Recently, the probability hypothesis density filter (PHD) shows excellent multiple targets tracking performance, and it has been applied for tracking targets in video. The PHD filter usually needs to integrate other feature for image object tracking. However, the single hand-crafted feature shows poor robustness while utilizing multiple features fusion will increase the complexity. To alleviate the above problems, a deep convolutional neural networks (CNN) based PHD filter is proposed in this paper. The proposed method utilizes the impressive representability of the CNN feature to improve the robustness without increasing the complexity. Besides this, we also revise the update process of the standard PHD filter to output the continuous track and new birth targets, directly. The experiment tested on M0T17 dataset validate the efficacy of the proposed method in multitarget tracking in image sequences.

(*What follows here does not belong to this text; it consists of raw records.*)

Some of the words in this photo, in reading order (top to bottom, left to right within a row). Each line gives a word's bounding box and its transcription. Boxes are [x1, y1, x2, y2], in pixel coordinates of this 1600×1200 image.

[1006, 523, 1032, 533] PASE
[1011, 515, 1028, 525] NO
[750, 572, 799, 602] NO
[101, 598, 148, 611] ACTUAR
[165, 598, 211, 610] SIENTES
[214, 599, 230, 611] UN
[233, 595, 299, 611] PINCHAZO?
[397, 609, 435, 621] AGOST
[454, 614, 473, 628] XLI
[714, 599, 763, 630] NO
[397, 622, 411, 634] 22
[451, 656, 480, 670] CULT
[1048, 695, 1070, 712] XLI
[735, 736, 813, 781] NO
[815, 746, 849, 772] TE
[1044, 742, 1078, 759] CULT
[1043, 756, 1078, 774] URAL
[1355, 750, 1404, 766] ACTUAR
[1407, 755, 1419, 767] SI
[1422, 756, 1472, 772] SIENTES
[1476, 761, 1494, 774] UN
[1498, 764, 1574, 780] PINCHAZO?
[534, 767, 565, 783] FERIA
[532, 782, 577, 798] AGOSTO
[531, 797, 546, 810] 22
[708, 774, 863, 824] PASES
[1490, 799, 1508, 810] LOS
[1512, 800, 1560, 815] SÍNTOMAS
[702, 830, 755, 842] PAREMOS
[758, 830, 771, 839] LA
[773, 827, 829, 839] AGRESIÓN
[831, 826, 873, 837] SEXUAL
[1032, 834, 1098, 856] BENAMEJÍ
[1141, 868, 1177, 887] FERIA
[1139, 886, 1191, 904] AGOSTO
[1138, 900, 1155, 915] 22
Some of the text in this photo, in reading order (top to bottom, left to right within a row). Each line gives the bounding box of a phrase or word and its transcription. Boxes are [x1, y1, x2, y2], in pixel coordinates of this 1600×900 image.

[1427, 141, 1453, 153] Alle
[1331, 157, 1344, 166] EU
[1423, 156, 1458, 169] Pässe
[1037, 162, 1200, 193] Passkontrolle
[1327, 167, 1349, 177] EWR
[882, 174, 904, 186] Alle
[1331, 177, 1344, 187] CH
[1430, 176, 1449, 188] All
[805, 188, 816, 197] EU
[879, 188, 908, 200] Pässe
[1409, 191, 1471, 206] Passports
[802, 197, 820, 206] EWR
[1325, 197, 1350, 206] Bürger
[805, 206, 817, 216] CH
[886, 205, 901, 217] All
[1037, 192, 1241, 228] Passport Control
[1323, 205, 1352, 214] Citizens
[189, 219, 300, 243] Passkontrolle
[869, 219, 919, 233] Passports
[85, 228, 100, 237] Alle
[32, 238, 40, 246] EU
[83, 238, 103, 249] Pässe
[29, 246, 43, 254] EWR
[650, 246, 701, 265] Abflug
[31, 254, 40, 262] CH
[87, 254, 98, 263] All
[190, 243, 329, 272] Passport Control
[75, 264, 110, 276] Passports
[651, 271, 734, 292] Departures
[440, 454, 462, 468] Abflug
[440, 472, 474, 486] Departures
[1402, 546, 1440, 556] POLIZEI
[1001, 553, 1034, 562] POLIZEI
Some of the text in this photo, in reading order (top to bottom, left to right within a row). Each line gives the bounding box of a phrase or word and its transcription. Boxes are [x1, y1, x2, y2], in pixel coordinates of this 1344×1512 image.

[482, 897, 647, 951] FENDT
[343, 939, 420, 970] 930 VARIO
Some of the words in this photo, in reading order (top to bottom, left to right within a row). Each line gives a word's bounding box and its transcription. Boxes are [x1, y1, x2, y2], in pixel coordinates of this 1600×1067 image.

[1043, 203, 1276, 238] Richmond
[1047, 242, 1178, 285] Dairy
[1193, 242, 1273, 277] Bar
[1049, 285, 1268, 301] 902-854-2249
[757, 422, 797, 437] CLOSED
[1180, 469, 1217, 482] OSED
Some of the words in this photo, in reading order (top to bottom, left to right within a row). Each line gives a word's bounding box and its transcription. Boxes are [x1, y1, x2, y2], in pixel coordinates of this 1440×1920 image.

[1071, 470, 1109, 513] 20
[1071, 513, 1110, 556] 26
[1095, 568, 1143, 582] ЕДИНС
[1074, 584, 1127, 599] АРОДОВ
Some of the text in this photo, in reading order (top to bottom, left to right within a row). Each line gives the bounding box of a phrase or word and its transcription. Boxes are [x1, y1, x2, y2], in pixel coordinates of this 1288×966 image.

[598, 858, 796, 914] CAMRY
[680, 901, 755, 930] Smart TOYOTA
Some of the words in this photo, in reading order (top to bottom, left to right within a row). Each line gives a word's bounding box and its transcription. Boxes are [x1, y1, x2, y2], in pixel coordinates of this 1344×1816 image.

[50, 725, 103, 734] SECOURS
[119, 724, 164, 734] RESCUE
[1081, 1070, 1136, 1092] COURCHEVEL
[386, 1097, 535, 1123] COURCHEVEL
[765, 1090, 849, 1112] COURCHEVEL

机译:近年来,概率假设密度滤波器(PHD)表现出出色的多目标跟踪性能,并且已被用于跟踪视频中的目标。 PHD滤镜通常需要集成其他功能来跟踪图像对象。但是,单个手工制作的功能部件显示出较差的鲁棒性,而利用多个功能部件融合会增加复杂性。为了缓解上述问题,本文提出了一种基于深度卷积神经网络(CNN)的PHD滤波器。所提出的方法利用CNN特征的令人印象深刻的可表示性来提高鲁棒性而不增加复杂性。除此之外,我们还修改了标准PHD滤波器的更新过程,以直接输出连续轨迹和新的生育目标。在M0T17数据集上进行的实验验证了该方法在图像序列多目标跟踪中的有效性。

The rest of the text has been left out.